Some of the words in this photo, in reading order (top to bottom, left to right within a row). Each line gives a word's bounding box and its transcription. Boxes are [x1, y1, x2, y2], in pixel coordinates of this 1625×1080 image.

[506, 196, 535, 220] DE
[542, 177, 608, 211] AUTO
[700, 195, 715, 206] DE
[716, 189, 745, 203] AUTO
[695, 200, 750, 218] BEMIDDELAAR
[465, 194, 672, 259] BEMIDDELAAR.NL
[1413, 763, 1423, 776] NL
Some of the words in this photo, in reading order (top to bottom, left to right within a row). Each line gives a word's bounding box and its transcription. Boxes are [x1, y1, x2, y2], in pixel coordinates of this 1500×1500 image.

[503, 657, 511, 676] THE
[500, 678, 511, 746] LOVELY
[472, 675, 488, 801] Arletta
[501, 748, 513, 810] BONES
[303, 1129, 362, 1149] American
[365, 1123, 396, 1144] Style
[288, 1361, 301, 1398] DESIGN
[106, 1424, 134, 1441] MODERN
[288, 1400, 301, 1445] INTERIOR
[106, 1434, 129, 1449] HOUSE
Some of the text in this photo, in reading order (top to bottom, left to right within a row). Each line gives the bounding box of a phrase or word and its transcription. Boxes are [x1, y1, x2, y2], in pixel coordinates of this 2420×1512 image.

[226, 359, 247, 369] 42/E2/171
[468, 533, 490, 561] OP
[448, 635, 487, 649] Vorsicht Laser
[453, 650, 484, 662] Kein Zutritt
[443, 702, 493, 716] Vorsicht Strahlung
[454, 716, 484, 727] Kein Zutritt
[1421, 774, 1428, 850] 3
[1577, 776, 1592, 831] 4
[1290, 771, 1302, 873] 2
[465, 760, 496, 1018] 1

::::::

TASK GOAL: No line before the one with "this 1500×1500 image." belongs in the answer; copy that line and the rest of the records exactly.

RESULT:
Some of the words in this photo, in reading order (top to bottom, left to right within a row). Each line gives a word's bounding box and its transcription. Boxes are [x1, y1, x2, y2], in pixel coordinates of this 1500×1500 image.

[503, 657, 511, 676] THE
[500, 678, 511, 746] LOVELY
[472, 675, 488, 801] Arletta
[501, 748, 513, 810] BONES
[303, 1129, 362, 1149] American
[365, 1123, 396, 1144] Style
[288, 1361, 301, 1398] DESIGN
[106, 1424, 134, 1441] MODERN
[288, 1400, 301, 1445] INTERIOR
[106, 1434, 129, 1449] HOUSE
Some of the text in this photo, in reading order (top to bottom, left to right within a row). Each line gives the bounding box of a phrase or word and its transcription. Boxes are [x1, y1, x2, y2], in pixel coordinates of this 2420×1512 image.

[226, 359, 247, 369] 42/E2/171
[468, 533, 490, 561] OP
[448, 635, 487, 649] Vorsicht Laser
[453, 650, 484, 662] Kein Zutritt
[443, 702, 493, 716] Vorsicht Strahlung
[454, 716, 484, 727] Kein Zutritt
[1421, 774, 1428, 850] 3
[1577, 776, 1592, 831] 4
[1290, 771, 1302, 873] 2
[465, 760, 496, 1018] 1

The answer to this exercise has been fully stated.